Passiamo a Jackie diretto da Pablo Larraìn, protagonista Natalie Portman, che analizza il personaggio di Jacqueline Kennedy subito dopo l’omicidio del marito, nel momento decisivo per la costruzione del mito di JFK per mezzo di sapienti interviste, che resteranno nella storia. Il dramma è la cifra della prima ora e mezza di film, che poi vira verso un melò sofferto, sentimentale, con una nota finale eroica, addirittura cavalleresca.
Un intervallo leggero viene offerto da Piuma (regia di Roan Johnston), secondo film italiano in concorso.
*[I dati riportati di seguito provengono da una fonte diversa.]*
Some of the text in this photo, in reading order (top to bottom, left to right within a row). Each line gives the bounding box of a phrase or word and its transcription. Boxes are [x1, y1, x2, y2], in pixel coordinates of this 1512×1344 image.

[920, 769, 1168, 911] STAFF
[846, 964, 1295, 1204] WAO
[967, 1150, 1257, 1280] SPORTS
Il film è in primis una commedia all’italiana, con tutti i pregi e i difetti del genere; rispecchia un’Italia irrisolta, un po’ piaciona ma piena di spirito di adattamento.
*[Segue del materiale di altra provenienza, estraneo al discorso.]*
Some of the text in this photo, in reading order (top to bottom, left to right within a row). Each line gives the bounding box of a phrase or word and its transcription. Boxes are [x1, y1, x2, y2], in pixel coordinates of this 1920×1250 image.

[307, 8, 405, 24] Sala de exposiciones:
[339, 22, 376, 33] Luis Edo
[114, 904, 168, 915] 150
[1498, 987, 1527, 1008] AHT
La vicenda riguarda una coppia di adolescenti in procinto di sostenere l’esame di maturità, alle prese con la gravidanza di lei e le reazioni dei familiari.
Merita di essere menzionato anche Un vie (regia di Stephane Brizè), ennesima trasposizione di un romanzo di Guy de Maupassant, che narra la triste vicenda di una donna ricca e raffinata che non riesce a rimanere al passo con i tempi dopo la Rivoluzione francese, e viene tradita prima dal marito e poi dal figlio scialacquatore. Non è un caso la scelta del formato 4×3, ormai quasi del tutto superato, così come superato è il mondo, interiore ed esteriore, della protagonista.
Non convince la critica The bad batch (regia di Ana Lily Amirpour, con Keanu Reeves e Jim Carrey), storia d’amore distopica ambientata in un deserto infestato dai cannibali, risultando una via di mezzo non particolarmente riuscita tra Tarantino e l’ultimo “Mad Max”.
Last but not least, ecco una breve carrellata degli “animali da red carpet”: blindatissimo Jude Law, folgorante Bianca Balti in un trench particolare, ovazione per Kim Ki Duk da parte di un nutrito gruppo di connazionali coreani giunti apposta per vederlo, intramontabile e irriducibile Marina Ripa di Meana, ormai più adatta a un film di Fellini che a uno di Visconti, nonostante lo sfondo lidense. Imperversano i commenti sugli abiti succinti di Giulia Salemi e Dayane Mello, più scandalosi per il dubbio gusto che per i centimetri di pelle esposta.